Speed/Accuracy Trade-Off • malariasimple

malariasimple is a time-discrete, compartmental model. This means that the model does not use ODEs, but rather approximates them using difference equations at small time-steps. In addition, all populations are modelled as compartments and not individually. These factors allow significant speed gains in the model, however they are approximations and outputs can deviate from more mathematically exact solutions. malariasimple contains several tuneable parameters which can be altered to improve model speed (often at the expense of mathematical accuracy) and vice versa depending on the requirements of the user. Tuneable parameters are:

tsd (time steps per day)
het_brackets (Number of biting heterogeneity compartments)
lag_rates (sub-compartments approximating the delay in FOI)
age_vector (No. of age compartments)

Some parameter trade-offs are more efficient than others. In this vignette, we will demonstrate some recommended parameter combinations.

TL;DR

For most use cases, the default values are fine
Optimising the age_vector is less obvious.

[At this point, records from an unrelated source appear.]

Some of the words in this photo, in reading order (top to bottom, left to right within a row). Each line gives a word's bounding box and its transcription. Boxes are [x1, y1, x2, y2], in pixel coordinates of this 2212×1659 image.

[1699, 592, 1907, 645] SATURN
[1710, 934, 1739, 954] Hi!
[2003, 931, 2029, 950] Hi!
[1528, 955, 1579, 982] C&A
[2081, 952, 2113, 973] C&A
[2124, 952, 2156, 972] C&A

In general, you want to increase resolution within age-ranges of interest, but avoid having too much difference in category widths
If in doubt, check against malariasimulation.

Non-age trade-offs

To compare the efficiency of non-age_vector parameter values, we ran each combination of parameter values from:

tsd 2:7
het_brackets 1:7
lag_rates 1:10

Accuracy is measured as root mean squared error (RMSE) from the average of two equivalent malariasimulation runs with population = 5,000,000. Runtime is the average of 10 identical malariasimple simulations. The example simulation included both ITN and SMC, and was run for 1000 days.

Some takeaways

lag_rates make a small difference to accuracy, but are very cheap - so you may as well have 10
Accuracy increases significantly for both tsd and het_brackets up to 3. After that, returns are minimal.

Pareto Optimal Combinations

Speed/Accuracy for each parameter combination is plotted below. Pareto optimal solutions are shown in red. Specific parameter combinations are given in the format [tsd, het_brackets, lag_rates].

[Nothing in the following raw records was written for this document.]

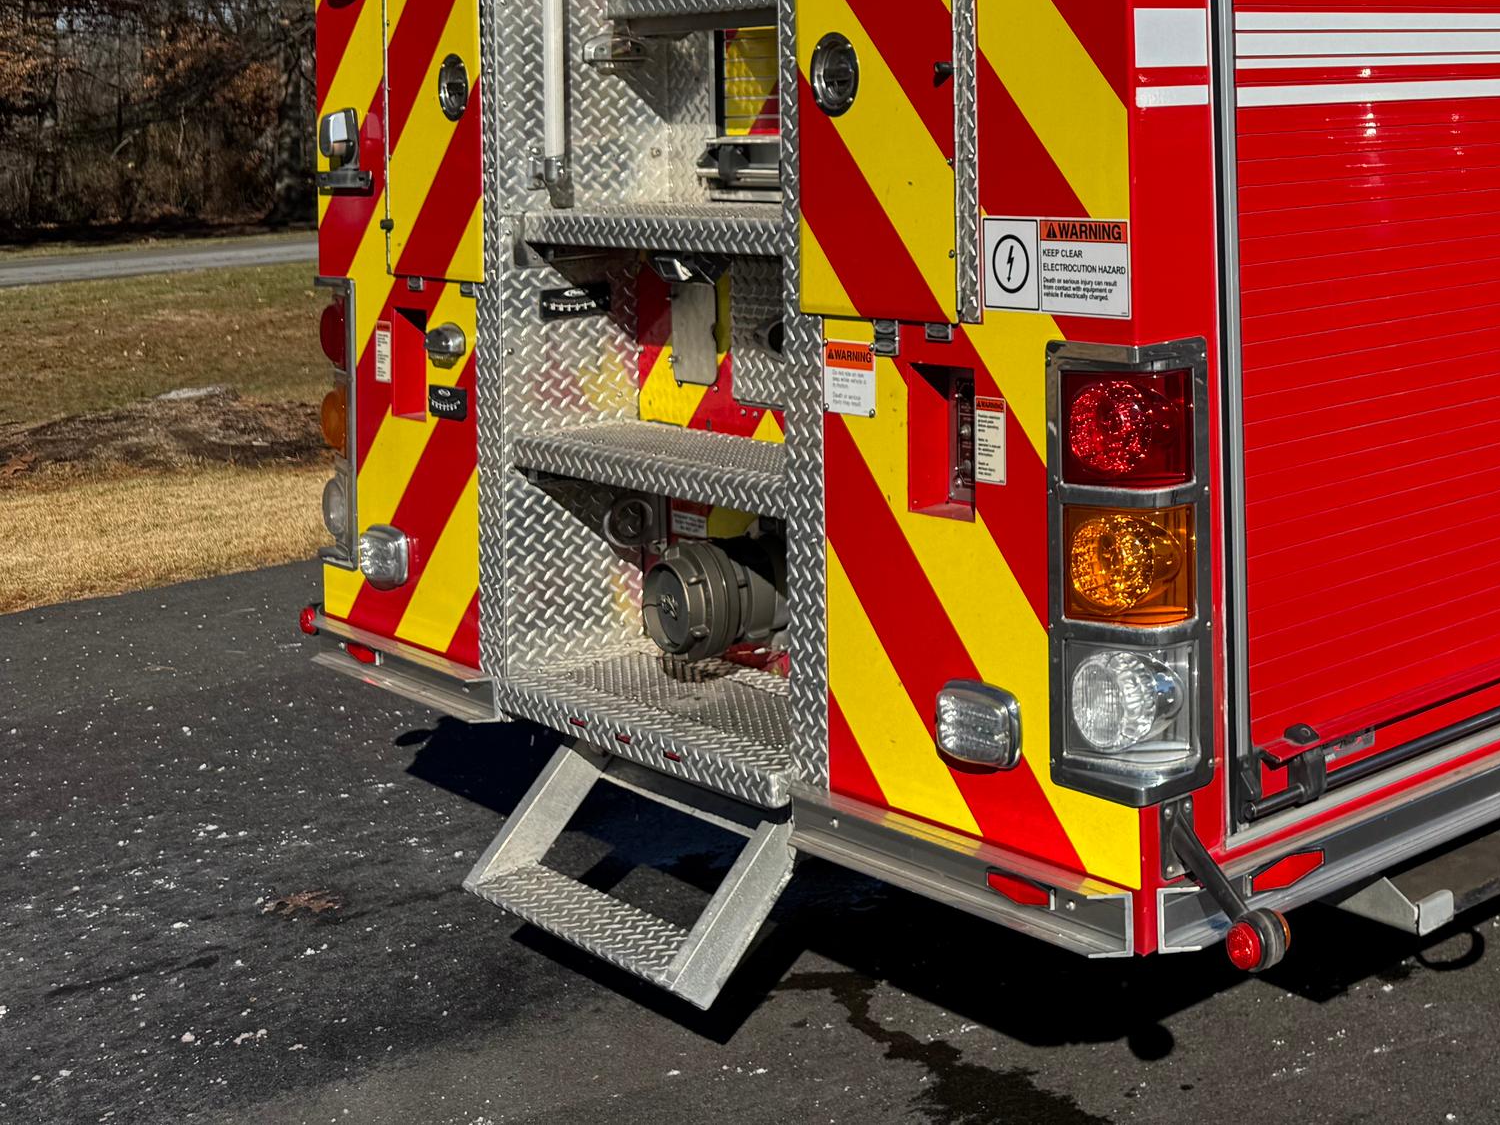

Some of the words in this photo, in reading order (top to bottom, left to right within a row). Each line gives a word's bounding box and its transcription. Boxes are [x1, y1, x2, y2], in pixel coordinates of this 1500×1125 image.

[1058, 223, 1122, 240] WARNING
[1043, 248, 1059, 257] KEEP
[1061, 249, 1083, 258] CLEAR
[1043, 262, 1097, 273] ELECTROCUTION
[1098, 265, 1126, 275] HAZARD
[834, 349, 872, 363] WARNING
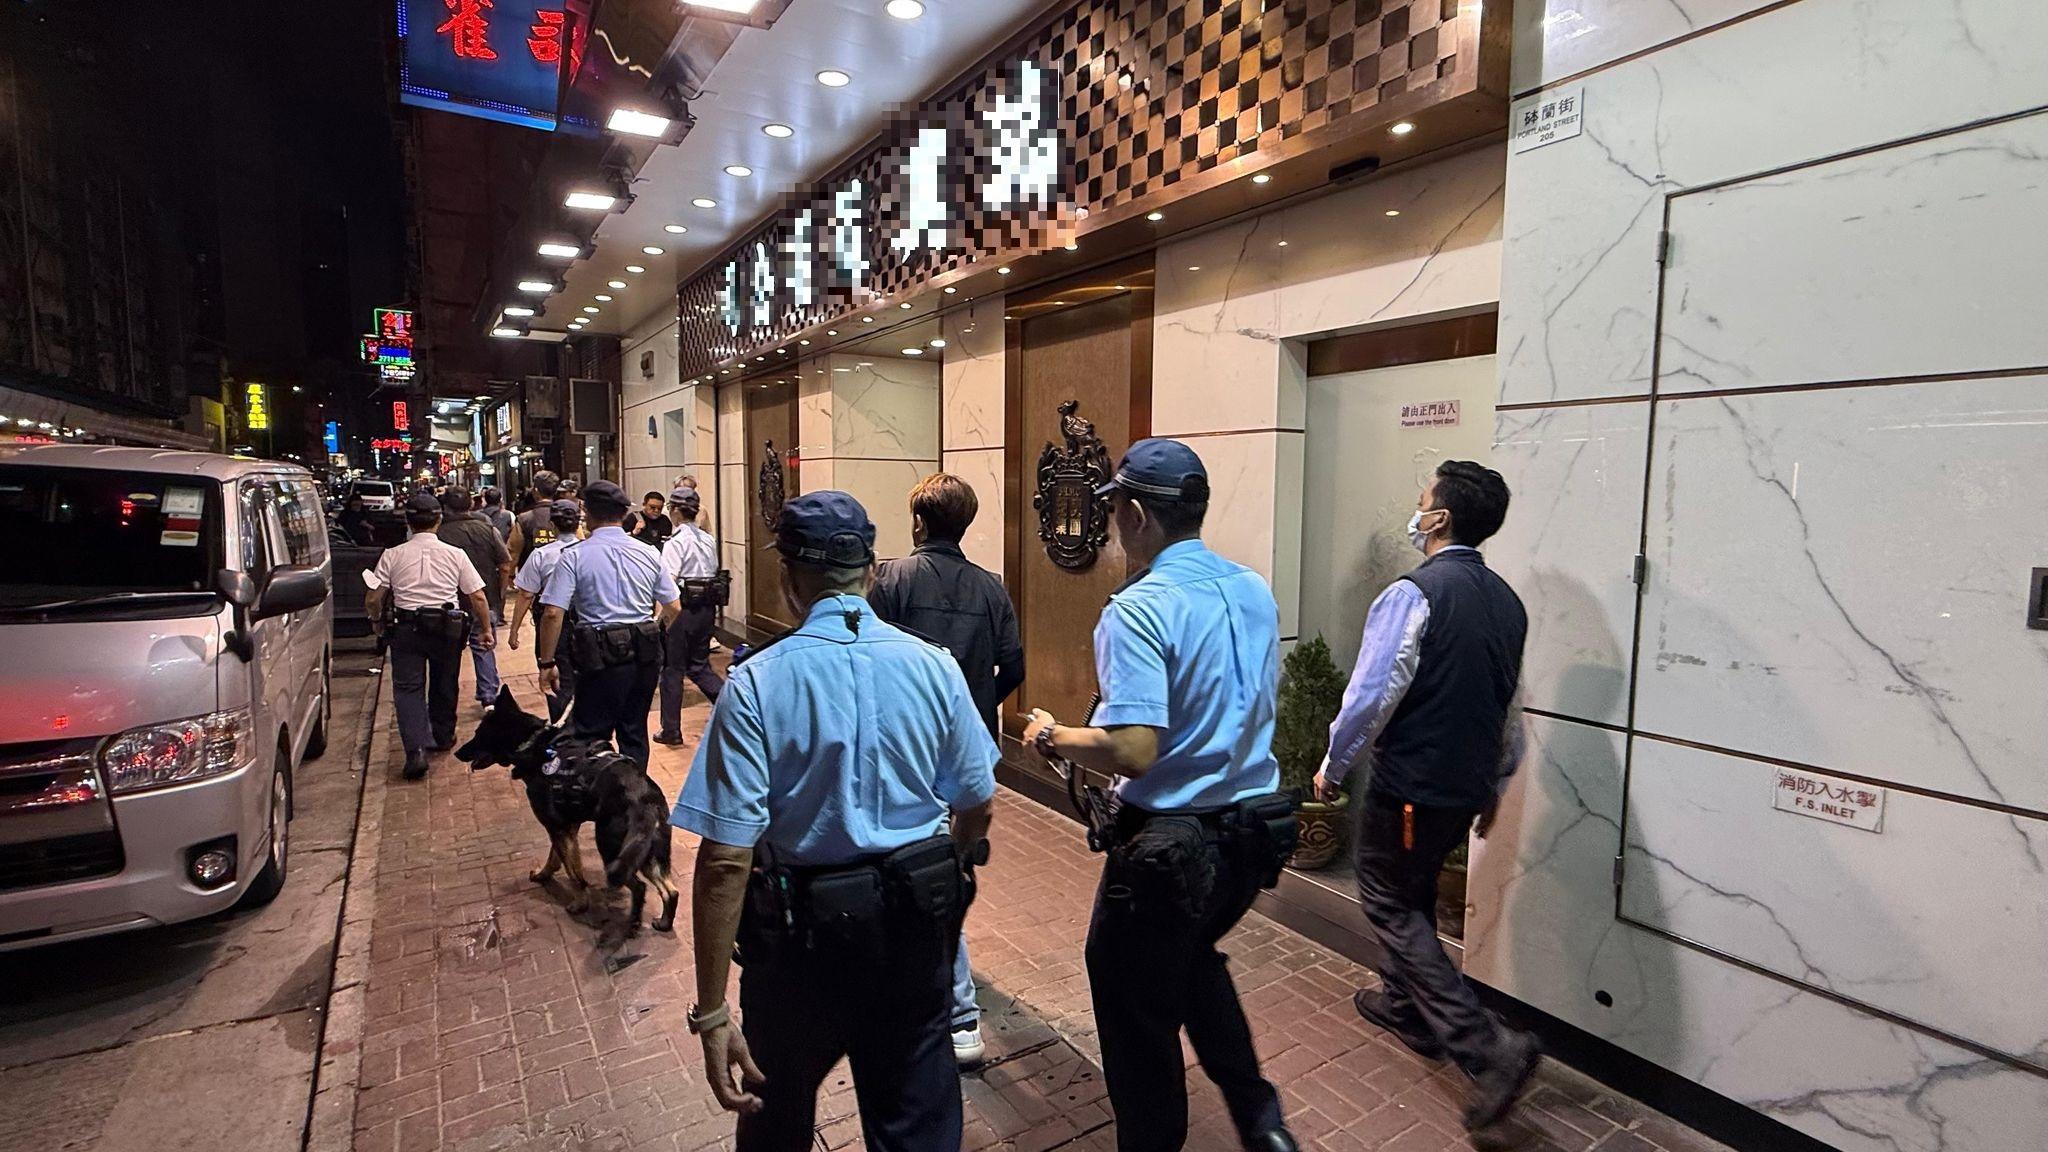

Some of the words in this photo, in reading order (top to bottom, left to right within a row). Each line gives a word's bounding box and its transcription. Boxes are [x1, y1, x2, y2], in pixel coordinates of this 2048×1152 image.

[1517, 126, 1551, 140] PORTLAND
[1553, 113, 1580, 129] STREET
[1540, 131, 1555, 142] 205
[1795, 797, 1818, 811] F.S.
[1821, 803, 1856, 819] INLET

For reference, this is what these RMSEs look like (The above simulations used [ages_under_2, ages_2_10, ages_over_10] = [2, 6, 4])

age_vector trade-offs

The age_vector parameter details how many age categories the human population is divided into, as well as the size of each category. Optimising this parameter is slightly more complex and depends on depends on what you are trying to fit to.

As a general rule, there is an added trade-off between:

Maximising the number of age groups within the output age-range you are interested in
Minimising differences in the age group sizes.

In this example define age factor by

number of ages categories under 2 (ages_under_2)
number of age categories between 2 and 10 (ages_2_10)
number of age categories between 10 and 100 (ages_over_10)

using the following function

get_age_vector <- function(ages_under_2 = 3,
                           ages_2_10 = 5,
                           ages_over_10 = 10){
  ages1 <- seq(0, 2 * 365, length.out = ages_under_2 + 1)
  ages2 <- seq(2 * 365, 10 * 365, length.out = ages_2_10 + 1)
  ages3 <- seq(10 * 365, 100 * 365, length.out = ages_over_10 + 1)
  age_vector <- c(ages1[1:ages_under_2], ages2[1:ages_2_10], ages3[1:ages_over_10])
  return(age_vector)
}

(The above simulations used [tsd, het_brackets, lag_rates] = [3, 4, 4])